Calcium signalling in cortical and thalamic neurons of rats with streptozotocin-induced diabetes

Abstract

Intracellular Ca2+ transients were measured with the use of a Ca2+-sensitive fluorescent indicator, fura-2, in neocortical and thalamic neurons in brain slices from control rats and rats with uncompensated streptozotocin-induced diabetes. The transients were evoked by high-potassium (50 mM)-induced membrane depolarization. The amplitude of depolarization-induced Ca2+ transients demonstrated a tendency to increase under diabetic conditions, beeing more expressed in cortical neurons compared with thalamic ones. The transients in cortical neurons from diabetic animals became also more susceptible to the blocking action of nifedipine (100μM) and less sensitive to Ni2+ (50μM), indicating that diabetic changes affect mostly Ca2+ transients triggered by high-voltage activated (L-type) calcium channels. The duration of a statistically significant increase was observed in the residual elevation of intracellular Ca2+ changes.

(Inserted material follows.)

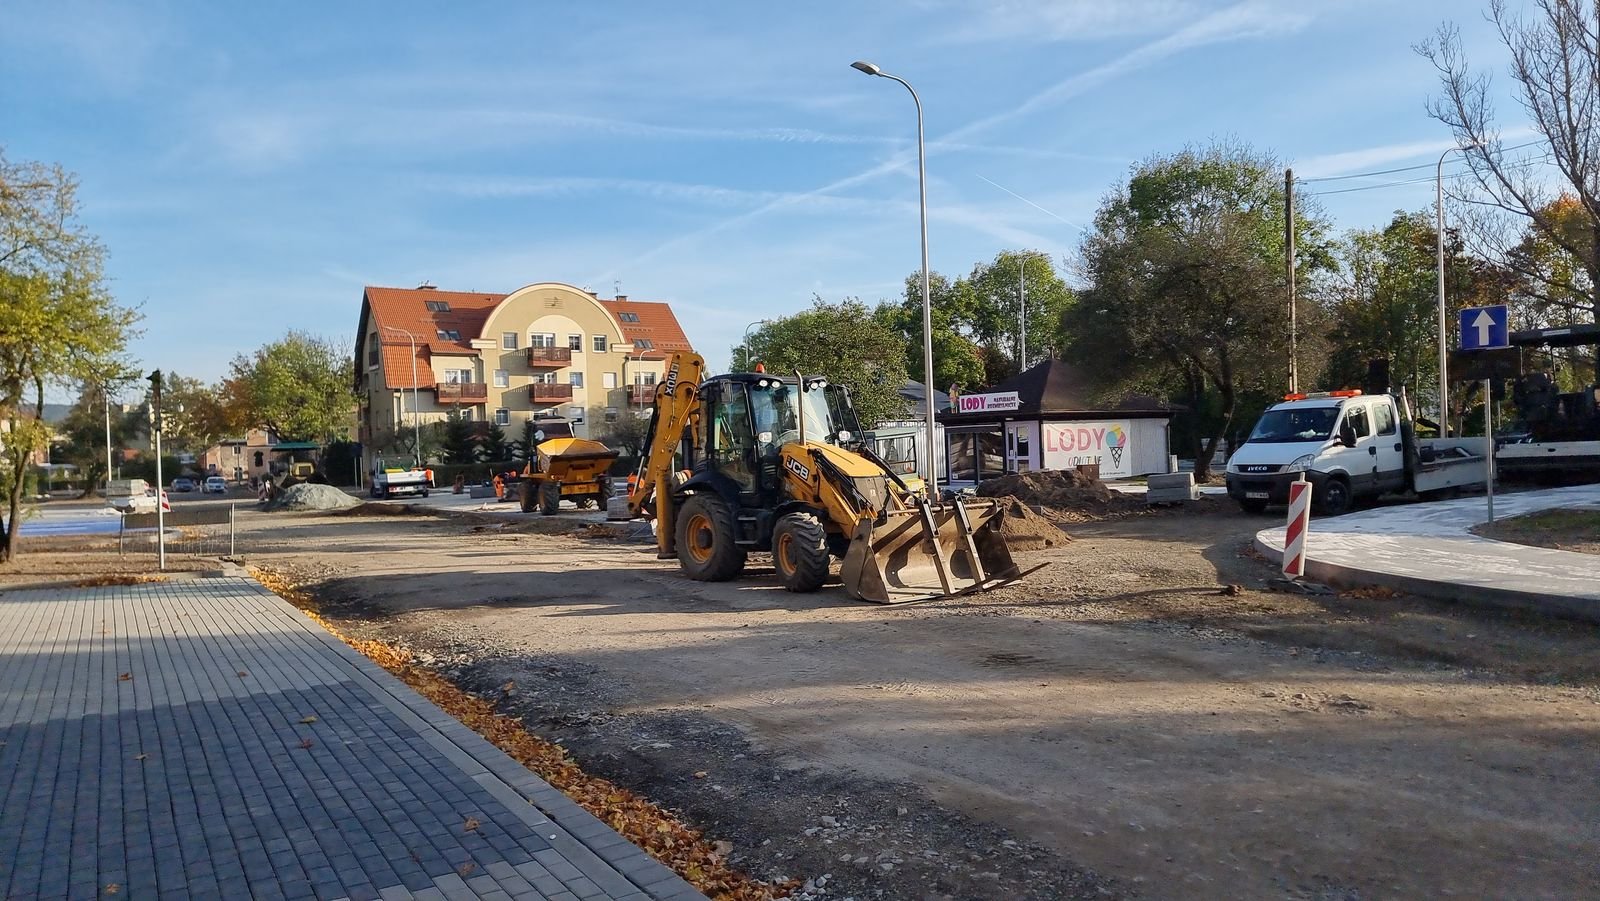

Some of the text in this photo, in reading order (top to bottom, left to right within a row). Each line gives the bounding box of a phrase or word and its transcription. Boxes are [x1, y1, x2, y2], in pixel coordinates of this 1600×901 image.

However, a statistically significant increase was observed in the residual elevation of intracellular Ca2+ measured 60 sec after termination of membrane depolarization in both cortical and thalamic neurons, indicating alterations in the mechanisms that restore the resting level of Ca2+ in the cytosol. It is concluded that uncomensated insulin-dependent diabetes, which according to earlier data substantially alters calcium signalling in primary sensory neurons, also affects such signalling in the neurons of higher brain structures including the thalamus and cortex.